======== Excerpted records ========

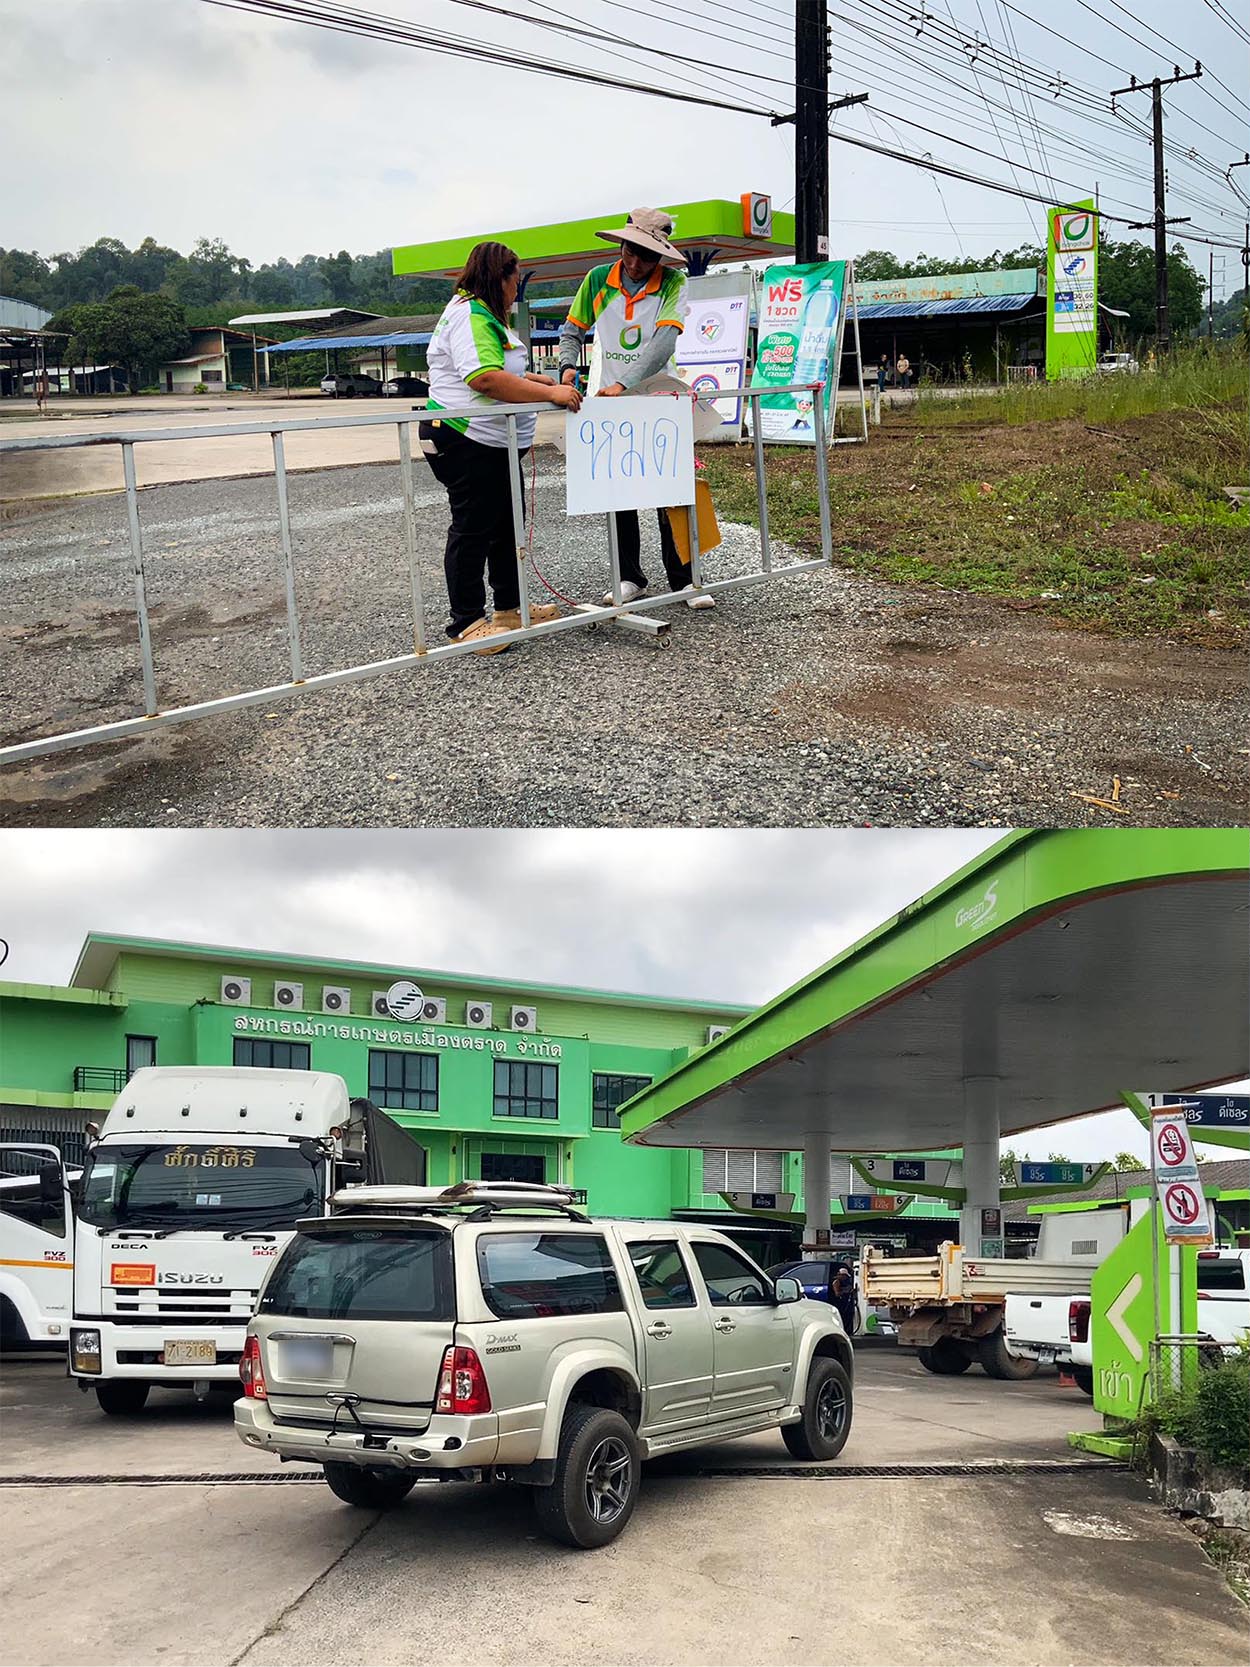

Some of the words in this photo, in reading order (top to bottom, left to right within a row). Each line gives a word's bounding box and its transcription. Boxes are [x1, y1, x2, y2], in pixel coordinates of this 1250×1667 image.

[768, 278, 803, 303] ฟรี
[775, 306, 798, 316] ขวด
[774, 345, 794, 356] 500
[605, 350, 641, 365] bangc
[579, 417, 679, 481] หมด
[233, 1014, 507, 1054] สหกรณ์การเกษตรเมืองตราด
[516, 1037, 563, 1058] จำกัด
[1148, 1094, 1156, 1107] 1
[867, 1160, 875, 1171] 3
[1085, 1164, 1093, 1175] 4
[732, 1193, 738, 1202] 5
[896, 1195, 903, 1205] 6
[158, 1272, 224, 1284] ISUZU
[1099, 1359, 1133, 1403] เข้า

========

▸ **Work order**
Output all of the data above exactly; no pictures should appear.

▸ **Exercise output**
Some of the words in this photo, in reading order (top to bottom, left to right within a row). Each line gives a word's bounding box and its transcription. Boxes are [x1, y1, x2, y2], in pixel coordinates of this 1250×1667 image.

[768, 278, 803, 303] ฟรี
[775, 306, 798, 316] ขวด
[774, 345, 794, 356] 500
[605, 350, 641, 365] bangc
[579, 417, 679, 481] หมด
[233, 1014, 507, 1054] สหกรณ์การเกษตรเมืองตราด
[516, 1037, 563, 1058] จำกัด
[1148, 1094, 1156, 1107] 1
[867, 1160, 875, 1171] 3
[1085, 1164, 1093, 1175] 4
[732, 1193, 738, 1202] 5
[896, 1195, 903, 1205] 6
[158, 1272, 224, 1284] ISUZU
[1099, 1359, 1133, 1403] เข้า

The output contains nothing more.